The number and variety of marketing channels is increasing every day. It wasn’t that long ago when all you needed to worry about was your website and your monthly statements…and perhaps a PR or media campaign every quarter. But today between advancements in technology and widespread adoption of email, online, mobile and social media, the landscape of marketing has changed in ways that present new opportunities but also a number of new challenges as well.
With so many communication channels and marketing tools available it can be difficult to know which strategies and tactics to adopt, and it’s easy to slip back into more comfortable and traditional approaches to marketing strategy and potential customer communications. But successful organizations know that now is the time for marketing tactics to be re-invented.

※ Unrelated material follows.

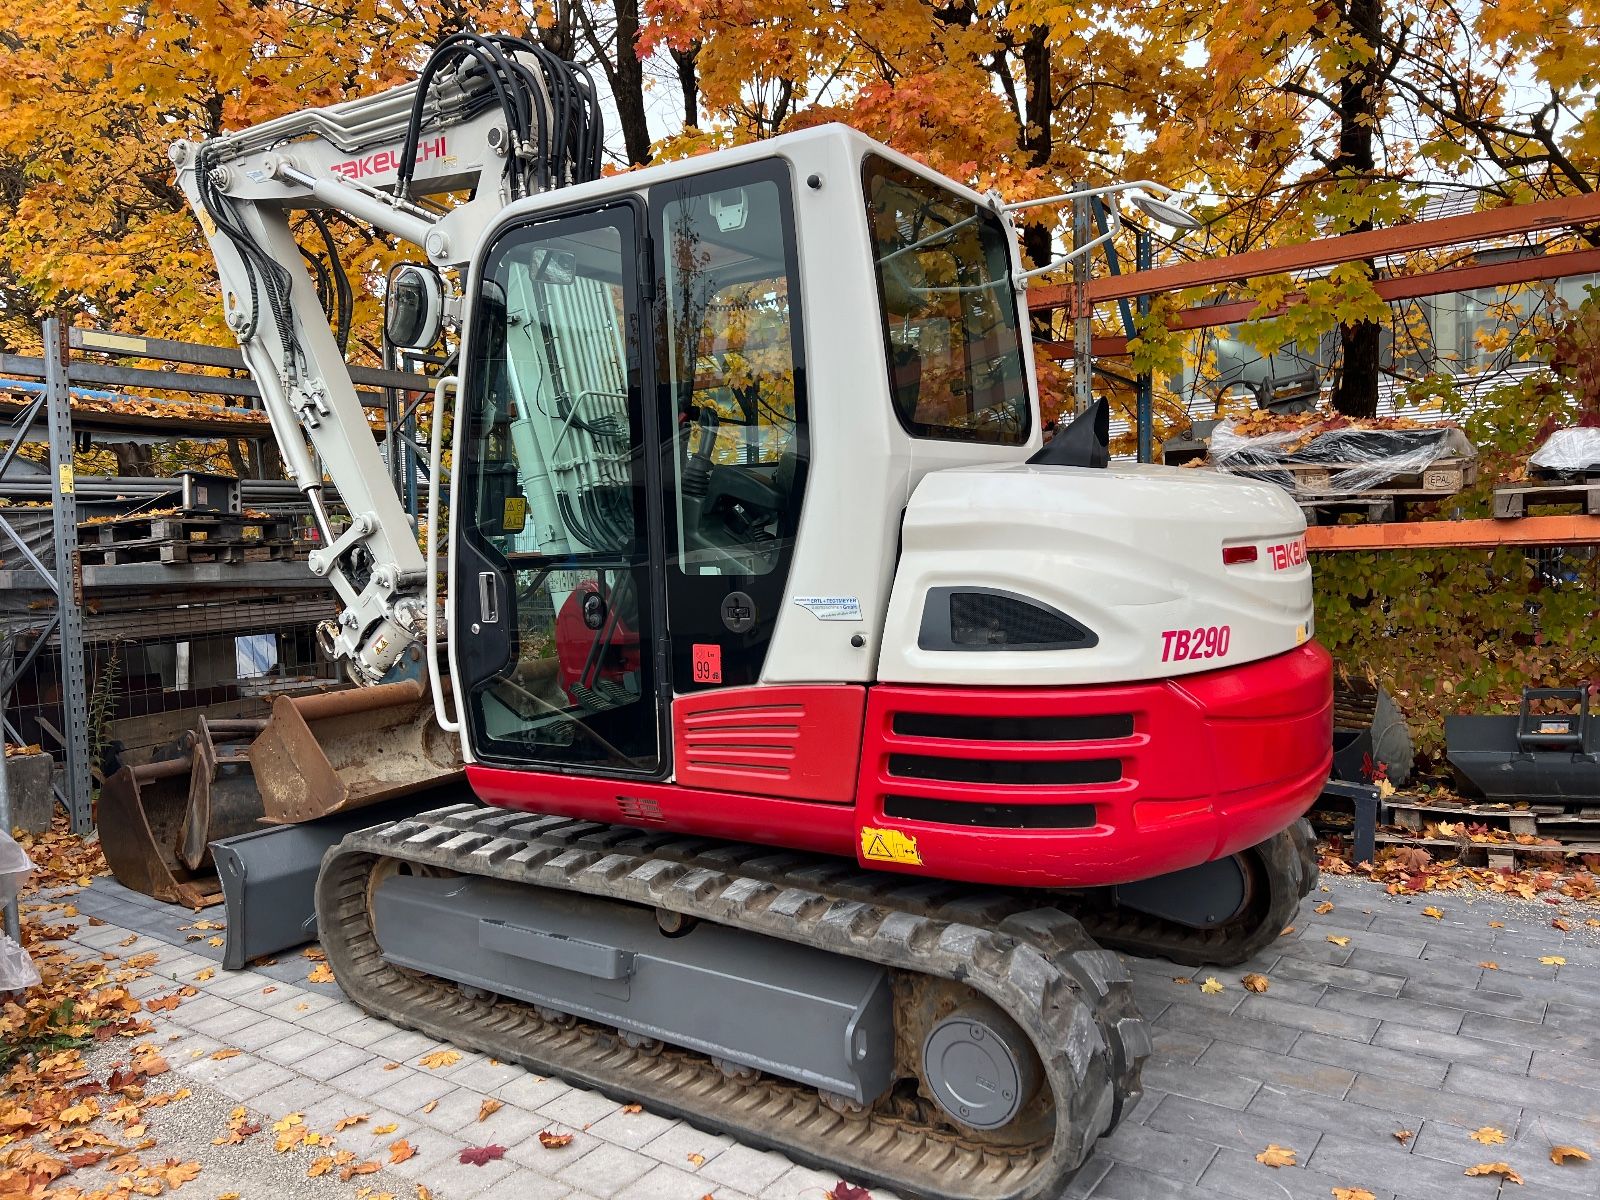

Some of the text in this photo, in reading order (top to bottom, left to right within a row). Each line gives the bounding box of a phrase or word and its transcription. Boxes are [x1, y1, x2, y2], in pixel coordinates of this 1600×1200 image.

[1430, 475, 1450, 484] EPAL
[1161, 625, 1231, 662] TB290
[697, 661, 710, 679] 99

Instead of relying on big-gun campaigns, leading brands are adopting a affiliate marketing orchestration approach across multiple channels with campaigns and communications that get results in new and more profitable ways.
Multi-Channel World
Many iconic brands are leading the way in the multi-channel marketing world. Companies like Bloomingdales, Lexus and Ritz-Carlton, and many others are moving beyond single channel marketing with the goal to provide every consumer with a highly personalized experience that maps to each individual’s journey with the company from discovery to purchase to re-purchase.

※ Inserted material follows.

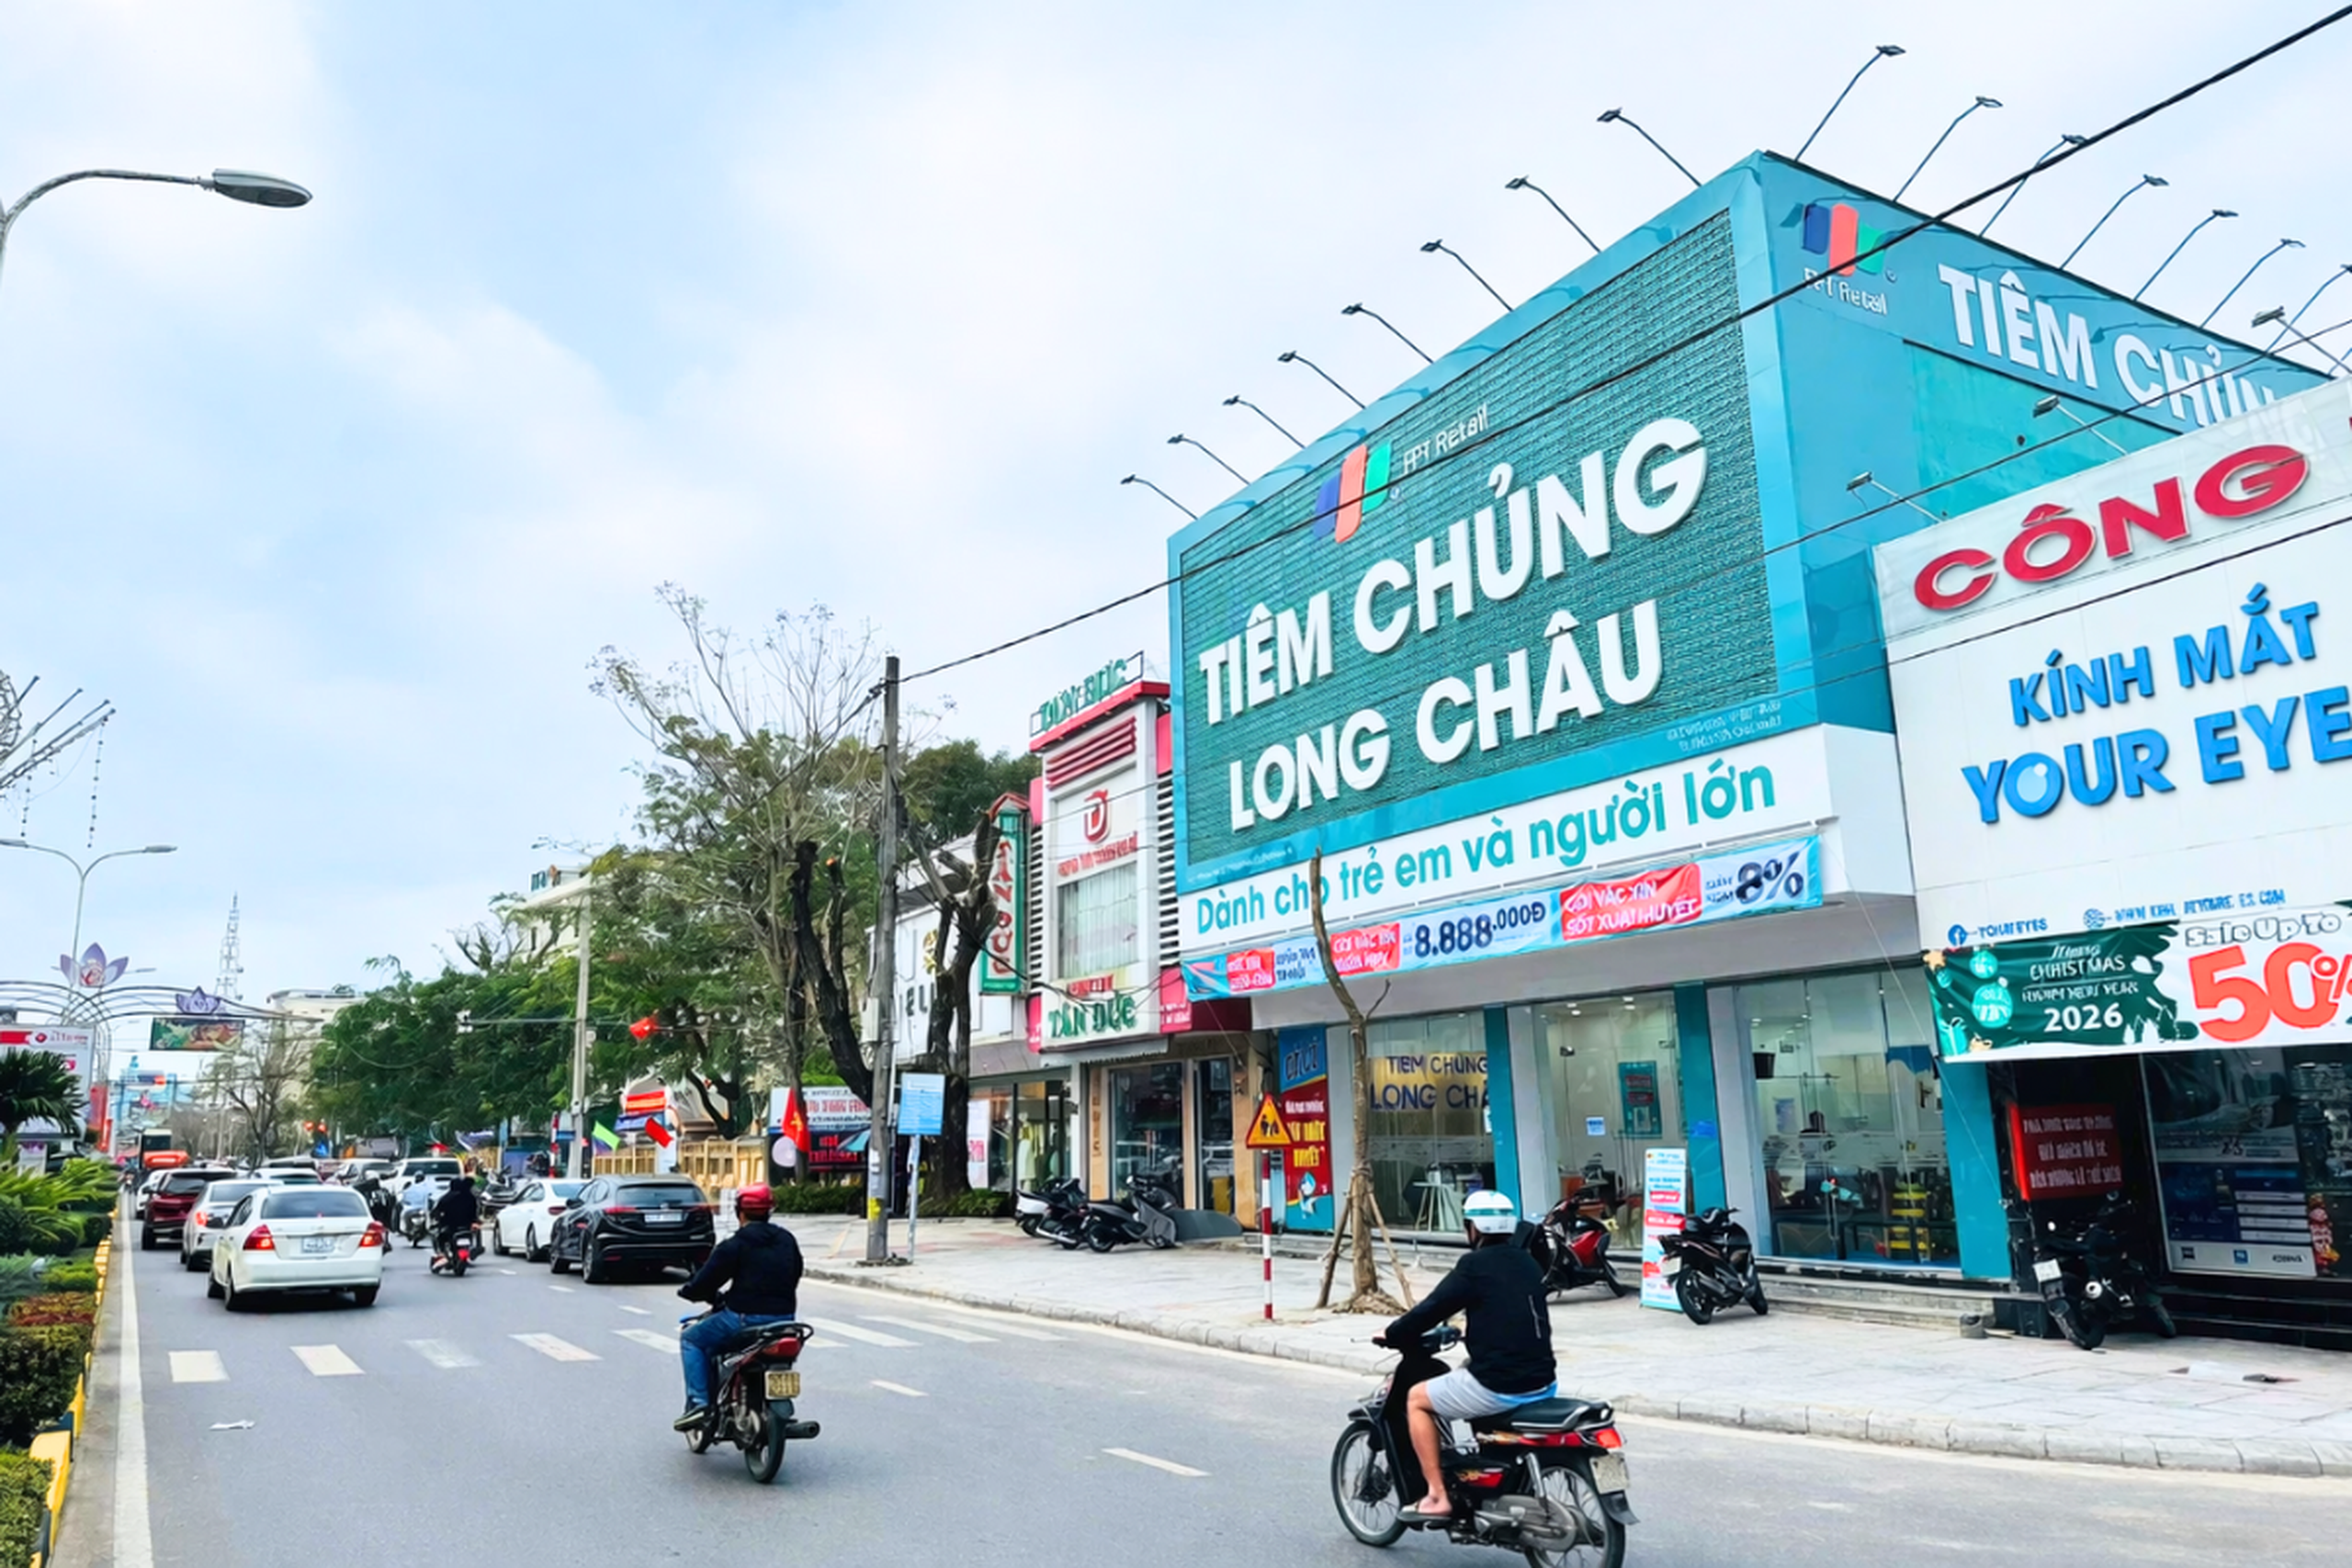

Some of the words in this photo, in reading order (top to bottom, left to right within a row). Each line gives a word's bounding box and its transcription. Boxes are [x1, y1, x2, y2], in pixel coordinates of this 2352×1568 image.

Engaging potential new customers with relevant messaging and meaningful content is not only what customers expect, it’s what they demand; and a requirement to compete in today’s marketplace.
New Ways of Thinking About Channels
Companies and brands can no longer afford to retain a campaign-centric instead of a customer-centric mindset. The benefit of marketing orchestration is that it focuses not on delivering standalone campaigns, but instead on optimizing a set of related cross-channel interactions that, when added together, make up an individualized customer experience.
Leading brands are adopting this approach and orchestrating marketing across all touch points – social, mobile, search engine optimization, in print, in advertising – since customers are no longer interacting in a sequential or linear way – its multi-channel, multi-device and much more interactive than ever before.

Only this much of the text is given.